● **EXERCISE DIRECTIONS**: Apart from the pictures, every line below is to be set down exactly.

---------- SOURCE DATA

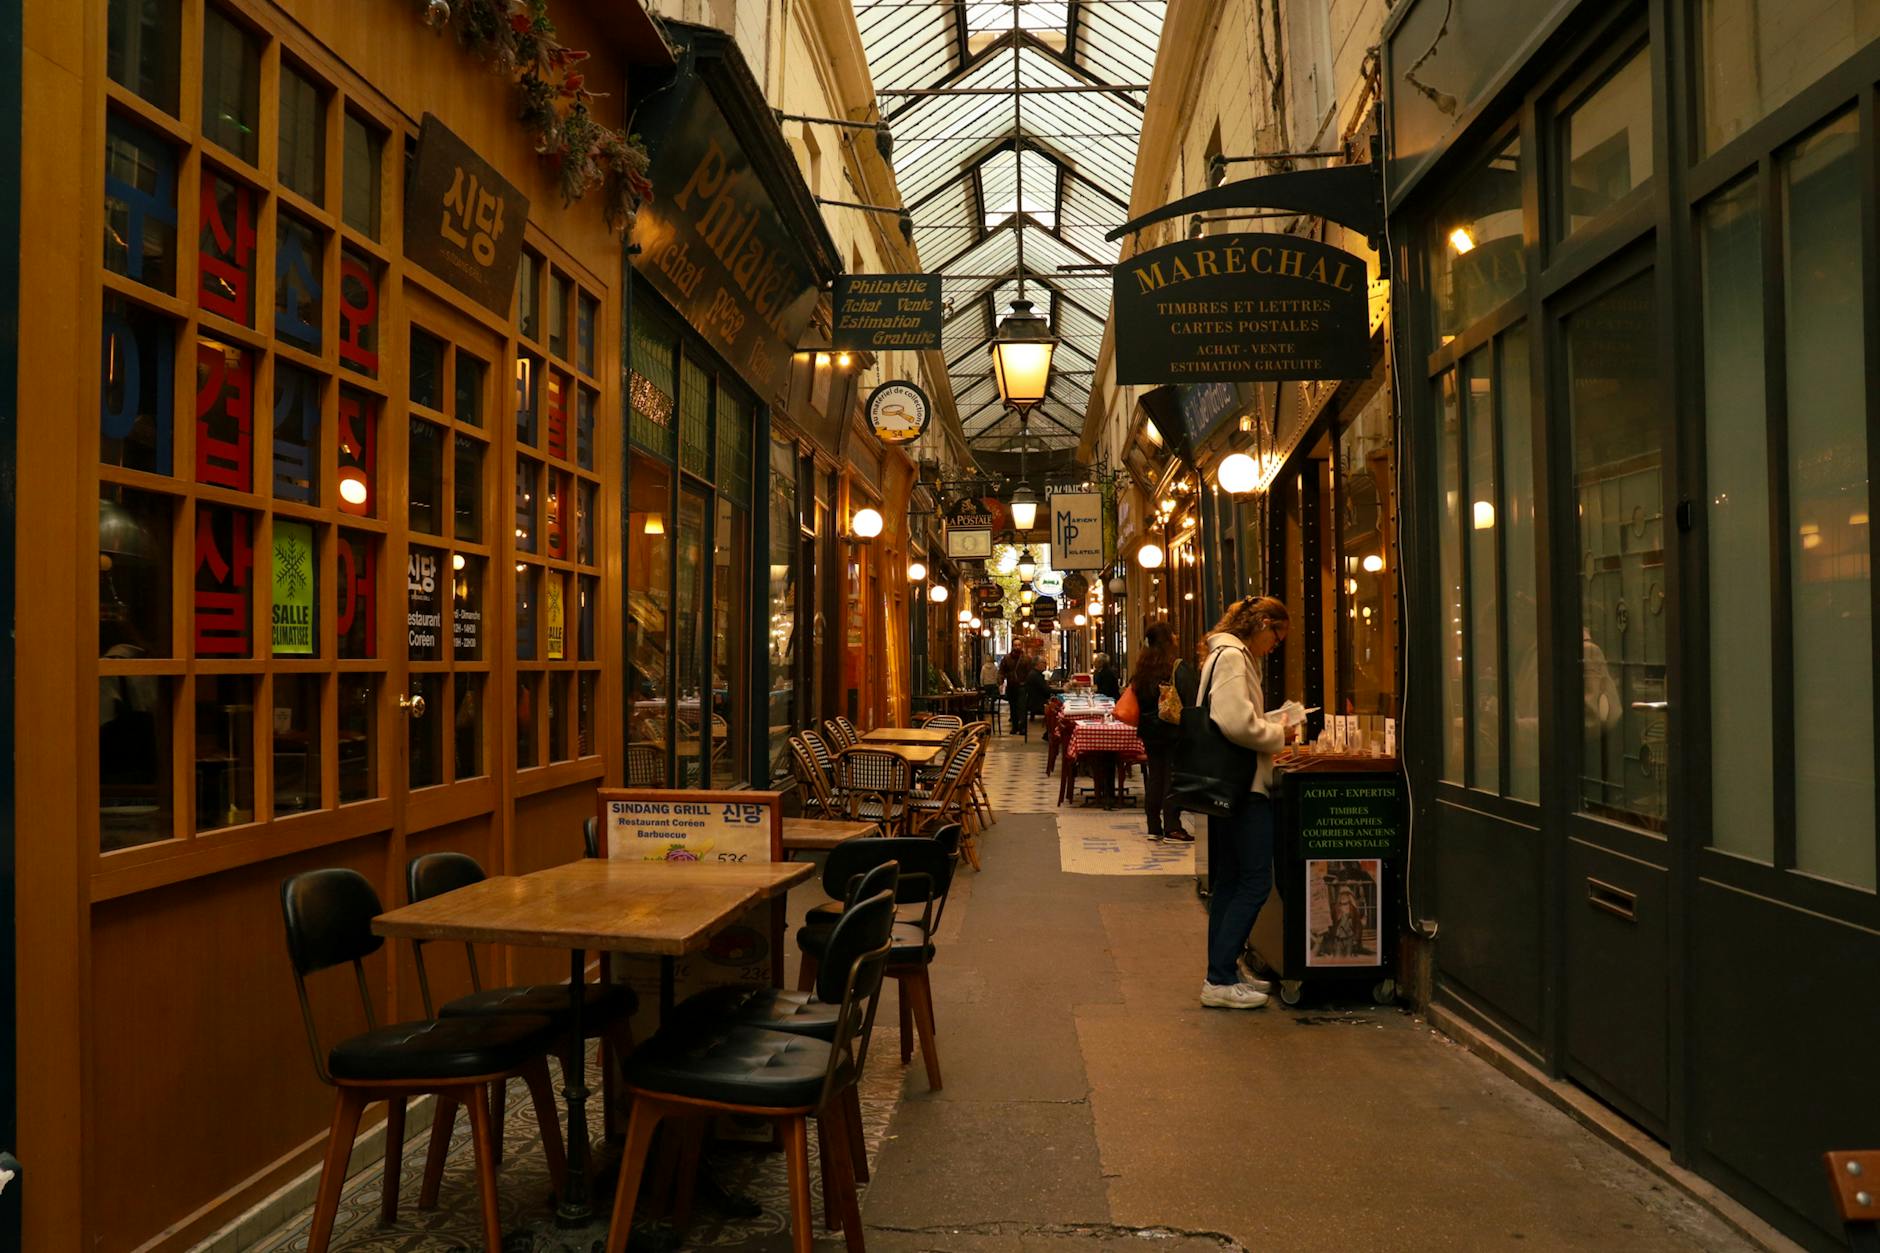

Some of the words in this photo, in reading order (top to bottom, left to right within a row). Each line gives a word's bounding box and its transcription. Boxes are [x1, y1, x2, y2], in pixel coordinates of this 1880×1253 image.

[440, 166, 505, 268] 신당
[1132, 239, 1354, 295] MARÉCHAL
[847, 280, 928, 294] Philatélie
[841, 299, 883, 312] Achat
[896, 298, 935, 312] Vente
[1157, 302, 1229, 316] TIMBRES
[1234, 300, 1254, 314] ET
[1258, 299, 1331, 314] LETTRES
[839, 315, 922, 329] Estimation
[1170, 320, 1233, 336] CARTES
[1239, 319, 1321, 334] POSTALES
[872, 330, 936, 345] Gratuite
[1197, 344, 1241, 356] ACHAT
[1250, 343, 1296, 355] VENTE
[1170, 361, 1251, 373] ESTIMATION
[1254, 359, 1322, 372] GRATUITE
[195, 169, 255, 656] 삼겹살
[872, 388, 893, 416] matériel
[904, 390, 923, 426] collections
[338, 255, 381, 659] 오징어
[945, 516, 956, 526] LA
[957, 515, 993, 526] POSTALE
[407, 554, 437, 593] 신당
[272, 604, 309, 624] SALLE
[408, 610, 441, 628] estaurant
[409, 630, 436, 648] Coréen
[1303, 788, 1338, 798] ACHAT
[612, 803, 670, 815] SINDANG
[673, 804, 711, 816] GRILL
[722, 803, 764, 824] 신당
[1330, 806, 1368, 816] TIMBRES
[618, 817, 670, 828] Restaurant
[1316, 817, 1382, 827] AUTOGRAPHES
[1302, 828, 1354, 838] COURRIERS
[1355, 827, 1397, 838] ANCIENS
[1308, 839, 1343, 849] CARTES
[1344, 838, 1389, 849] POSTALES

--------------------

● **ANSWER**:
Some of the words in this photo, in reading order (top to bottom, left to right within a row). Each line gives a word's bounding box and its transcription. Boxes are [x1, y1, x2, y2], in pixel coordinates of this 1880×1253 image.

[440, 166, 505, 268] 신당
[1132, 239, 1354, 295] MARÉCHAL
[847, 280, 928, 294] Philatélie
[841, 299, 883, 312] Achat
[896, 298, 935, 312] Vente
[1157, 302, 1229, 316] TIMBRES
[1234, 300, 1254, 314] ET
[1258, 299, 1331, 314] LETTRES
[839, 315, 922, 329] Estimation
[1170, 320, 1233, 336] CARTES
[1239, 319, 1321, 334] POSTALES
[872, 330, 936, 345] Gratuite
[1197, 344, 1241, 356] ACHAT
[1250, 343, 1296, 355] VENTE
[1170, 361, 1251, 373] ESTIMATION
[1254, 359, 1322, 372] GRATUITE
[195, 169, 255, 656] 삼겹살
[872, 388, 893, 416] matériel
[904, 390, 923, 426] collections
[338, 255, 381, 659] 오징어
[945, 516, 956, 526] LA
[957, 515, 993, 526] POSTALE
[407, 554, 437, 593] 신당
[272, 604, 309, 624] SALLE
[408, 610, 441, 628] estaurant
[409, 630, 436, 648] Coréen
[1303, 788, 1338, 798] ACHAT
[612, 803, 670, 815] SINDANG
[673, 804, 711, 816] GRILL
[722, 803, 764, 824] 신당
[1330, 806, 1368, 816] TIMBRES
[618, 817, 670, 828] Restaurant
[1316, 817, 1382, 827] AUTOGRAPHES
[1302, 828, 1354, 838] COURRIERS
[1355, 827, 1397, 838] ANCIENS
[1308, 839, 1343, 849] CARTES
[1344, 838, 1389, 849] POSTALES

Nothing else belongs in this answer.